Colin Quale was there to enjoy the full triumph of the transformation. He hovered at a little distance from Delilah, worshiping her for the genius which met and matched his own.

"I shall paint her in that," he said to Porter. "It will be my masterpiece. And if you could have seen her on the night I met her----"

"She told me." Porter was smiling.

"It was like one of the old masters daubed by a novice, or like a room whitewashed over rare carvings--everything was hidden which should have been shown, and everything was shown which should have been hidden. It was monstrous.

"There are few women," he went on, "whom I could make over as I have made her over. They have not the adaptability--the temperament. There was one whom I could have transformed. But I was not allowed. She was little and blonde and the wife of a clergyman; she looked like a saint---and she should have worn straight things of clear green or red, or blue. But she wore black. I've sometimes wondered if she was such a saint as she looked. There was a divorce afterward, I believe, and another man. And she died."
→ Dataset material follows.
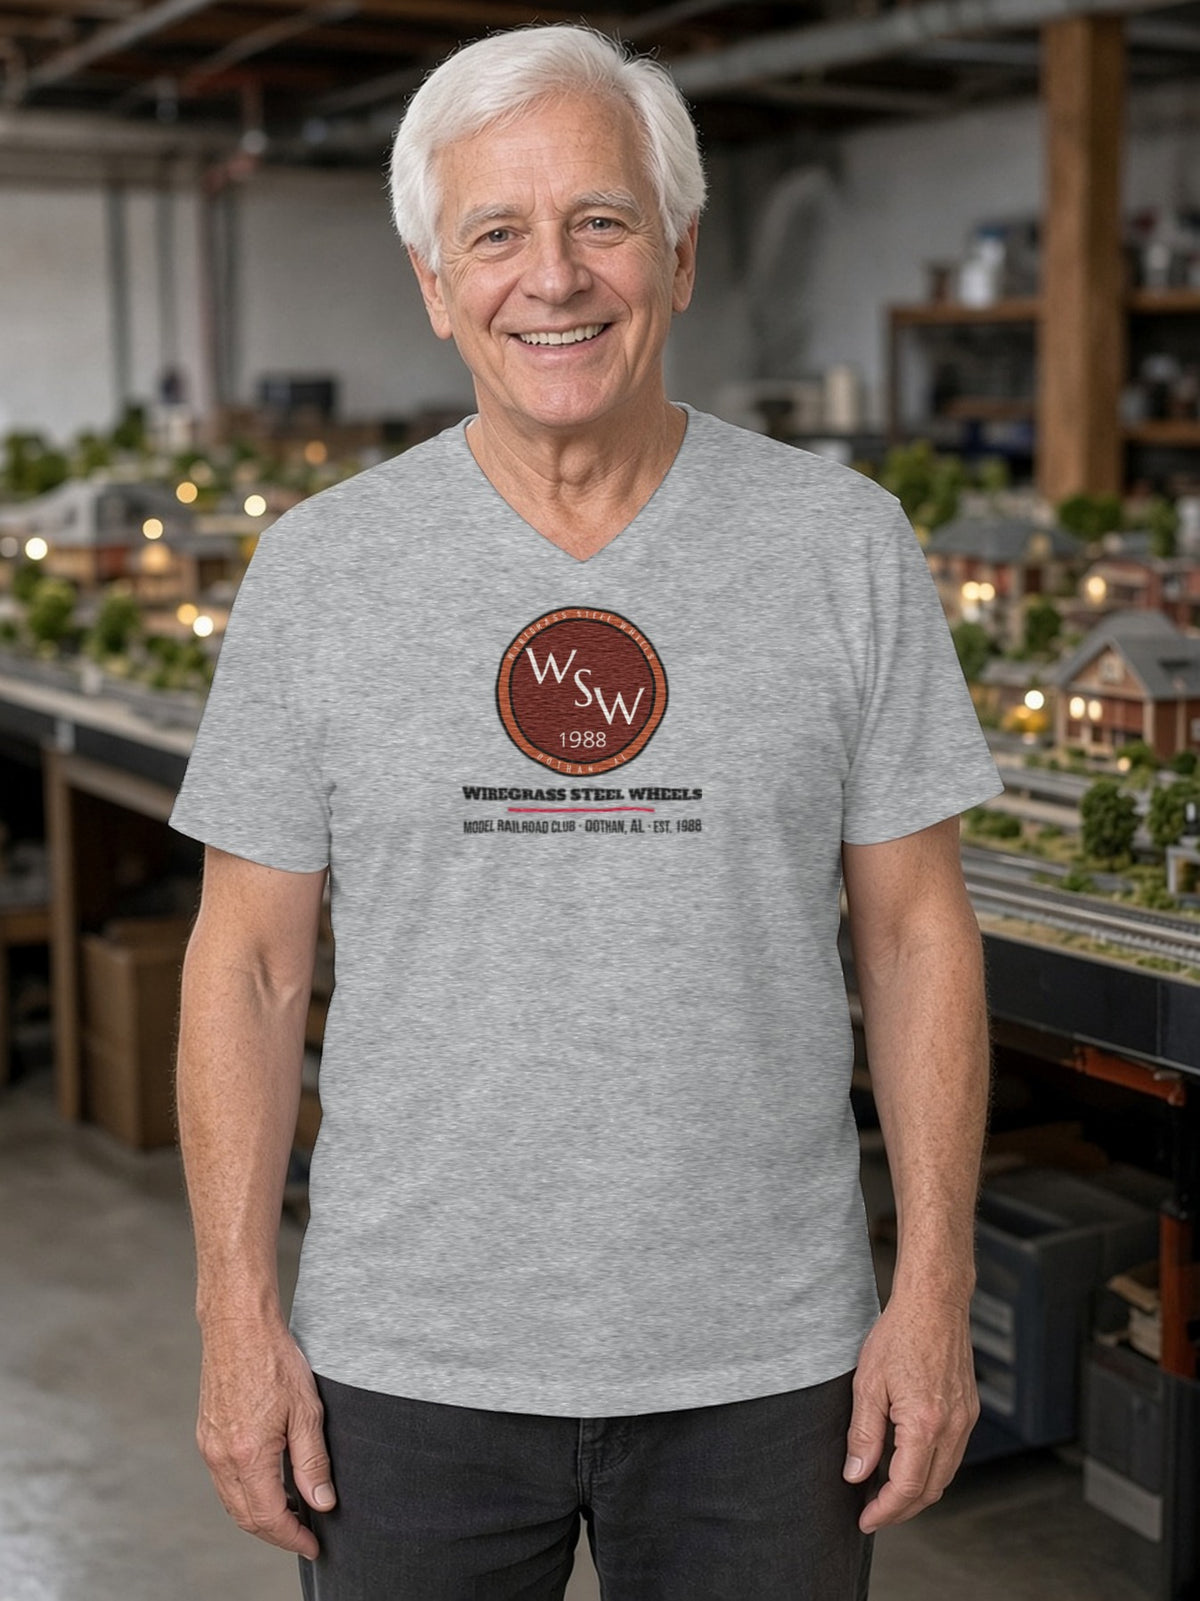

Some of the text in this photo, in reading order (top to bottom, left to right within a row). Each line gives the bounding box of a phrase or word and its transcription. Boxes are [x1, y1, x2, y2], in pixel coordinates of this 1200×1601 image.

[559, 731, 607, 749] 1988
[462, 786, 703, 801] WIREGRASS STEEL WHEELS
[463, 819, 702, 835] MODEL RAILROAD CLUB DOTHAN, AL EST. 1988
Porter, listening idly, came back. "What type was she?"

"Fra Angelico--to perfection. I should have liked to dress her."

"Did you ever tell her that you wanted to do it?"

"Yes. And she listened. It was then that I gained my impression--that she was not a saint. One night there was a little entertainment at the parish house and I had my way. I made of her an angel, in a red robe with a golden lyre--and I painted her afterward. She used to come to my studio, but I'm not sure that Poole liked it."

"Poole?" Porter was tense.

"Her husband. He could not make her happy."

"Was she--the one in fault?"

Colin shrugged. "There are always two stories. As I have said, she looked like a saint."

"I should like to see--the picture." Porter tried to speak lightly. "May I come up some day to your rooms?"

Colin's face beamed.

"I'm getting into new quarters. I shall want your opinion--call me up before you come."

It was Colin who went home with Delilah in Porter's car. Porter pleaded important business, and walked for an hour around the Speedway, his brain in a whirl.

Then Mary knew--Mary _knew_--and it had made no difference in her thought of Roger Poole!